#### DATA UNDER STUDY:
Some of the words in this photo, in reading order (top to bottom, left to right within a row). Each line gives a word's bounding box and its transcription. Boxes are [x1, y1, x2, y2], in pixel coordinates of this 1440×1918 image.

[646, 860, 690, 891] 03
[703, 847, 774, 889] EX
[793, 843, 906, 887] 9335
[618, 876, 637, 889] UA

--

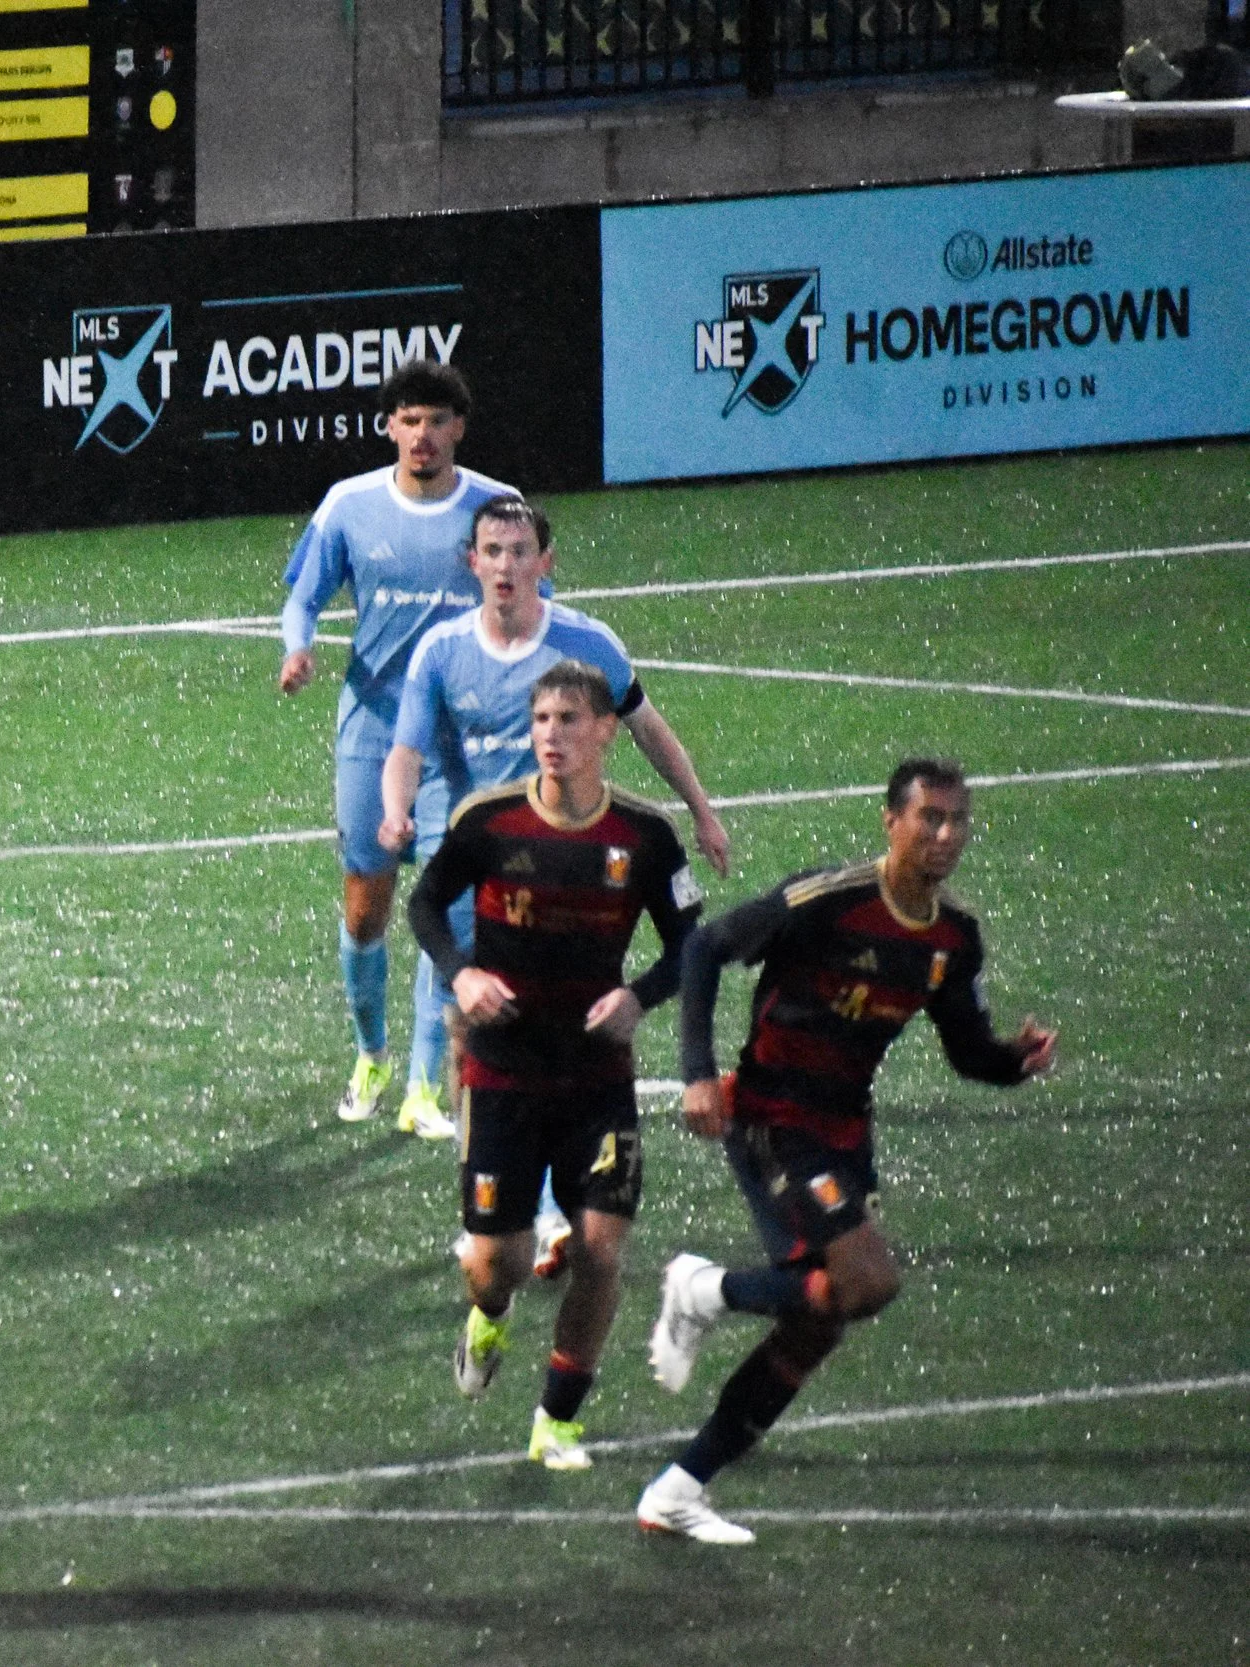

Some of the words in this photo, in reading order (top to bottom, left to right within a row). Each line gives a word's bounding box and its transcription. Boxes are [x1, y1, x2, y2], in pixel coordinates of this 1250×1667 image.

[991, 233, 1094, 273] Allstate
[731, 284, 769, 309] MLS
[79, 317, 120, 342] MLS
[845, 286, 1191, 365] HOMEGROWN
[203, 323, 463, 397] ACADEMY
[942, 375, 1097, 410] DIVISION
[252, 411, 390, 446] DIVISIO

--

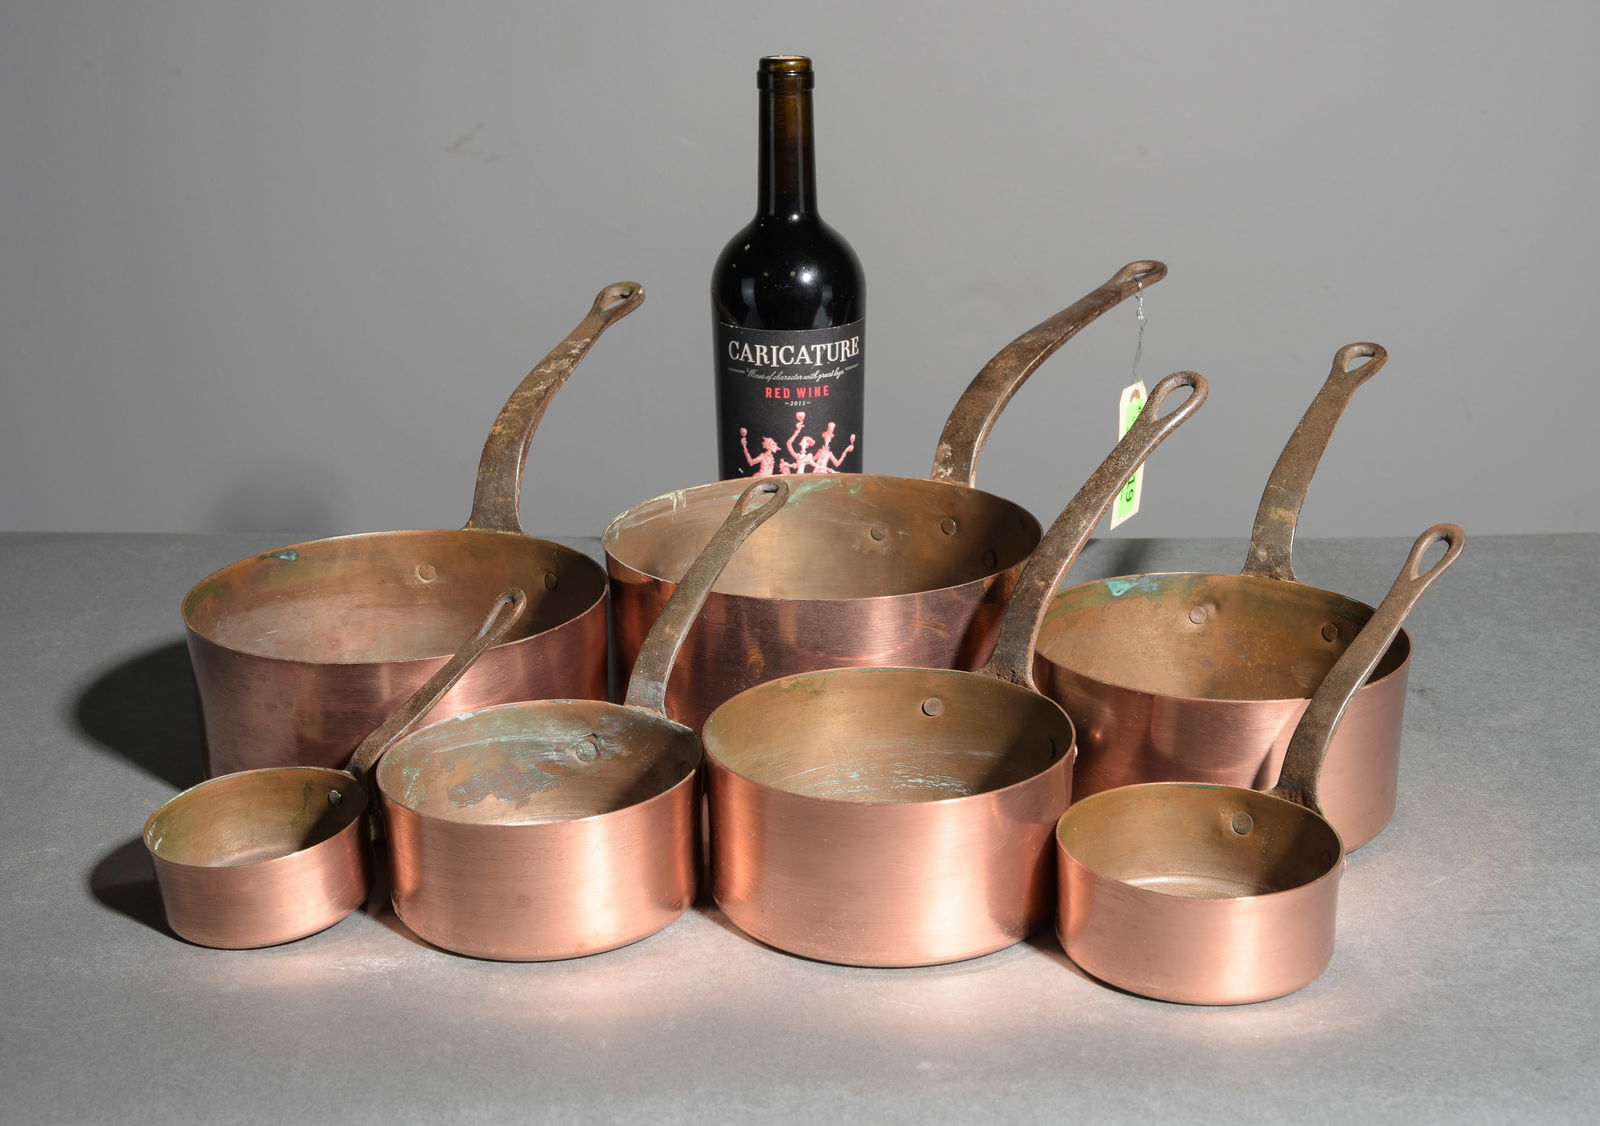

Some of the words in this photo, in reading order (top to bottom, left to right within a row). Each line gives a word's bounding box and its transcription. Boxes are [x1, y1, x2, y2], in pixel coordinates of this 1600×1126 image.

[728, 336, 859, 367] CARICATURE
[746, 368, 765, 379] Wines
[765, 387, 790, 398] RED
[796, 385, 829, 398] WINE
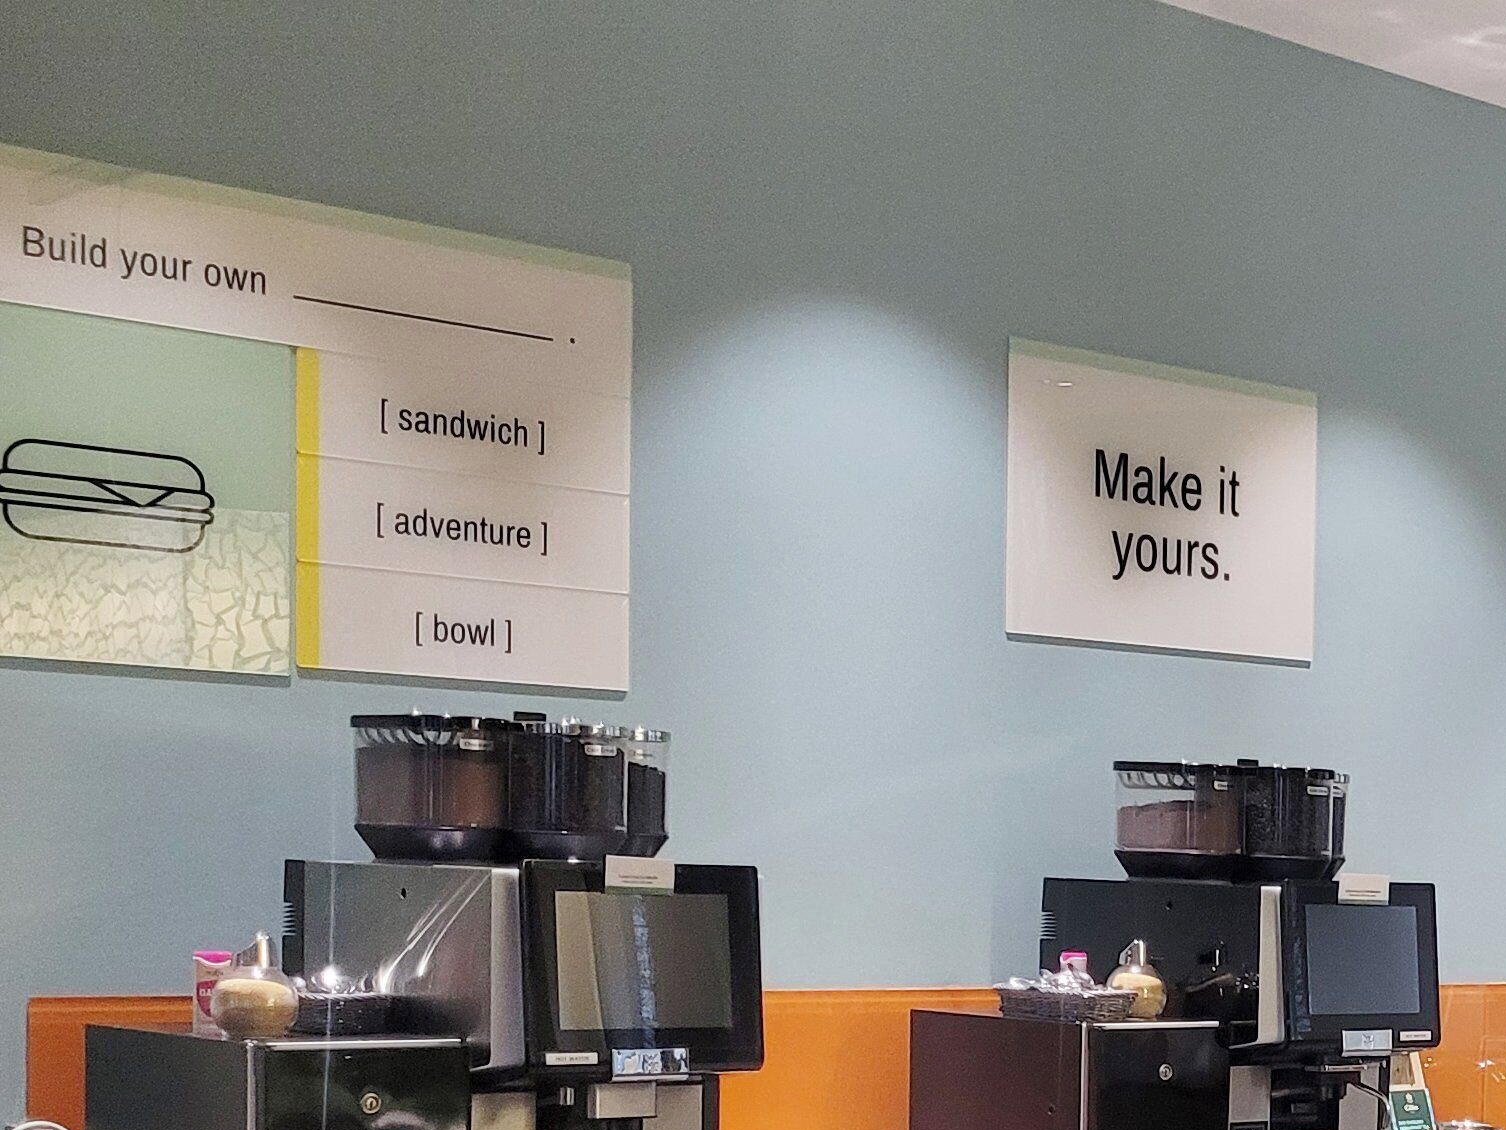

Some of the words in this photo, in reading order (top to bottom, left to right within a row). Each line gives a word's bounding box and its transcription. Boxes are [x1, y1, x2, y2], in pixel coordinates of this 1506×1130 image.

#### TASK GOAL:
Set the pictures aside and transcribe exactly the stretch of lines above, beginning with the one holding "this 1600×1126 image." and ending with the one holding "this 1506×1130 image.".

#### SOLUTION FOR THIS PROBLEM:
Some of the words in this photo, in reading order (top to bottom, left to right within a row). Each line gives a word's bounding box and its transcription. Boxes are [x1, y1, x2, y2], in pixel coordinates of this 1600×1126 image.

[728, 336, 859, 367] CARICATURE
[746, 368, 765, 379] Wines
[765, 387, 790, 398] RED
[796, 385, 829, 398] WINE

Some of the words in this photo, in reading order (top to bottom, left to right within a row). Each line gives a word's bounding box and its transcription. Boxes are [x1, y1, x2, y2], in pixel coordinates of this 1506×1130 image.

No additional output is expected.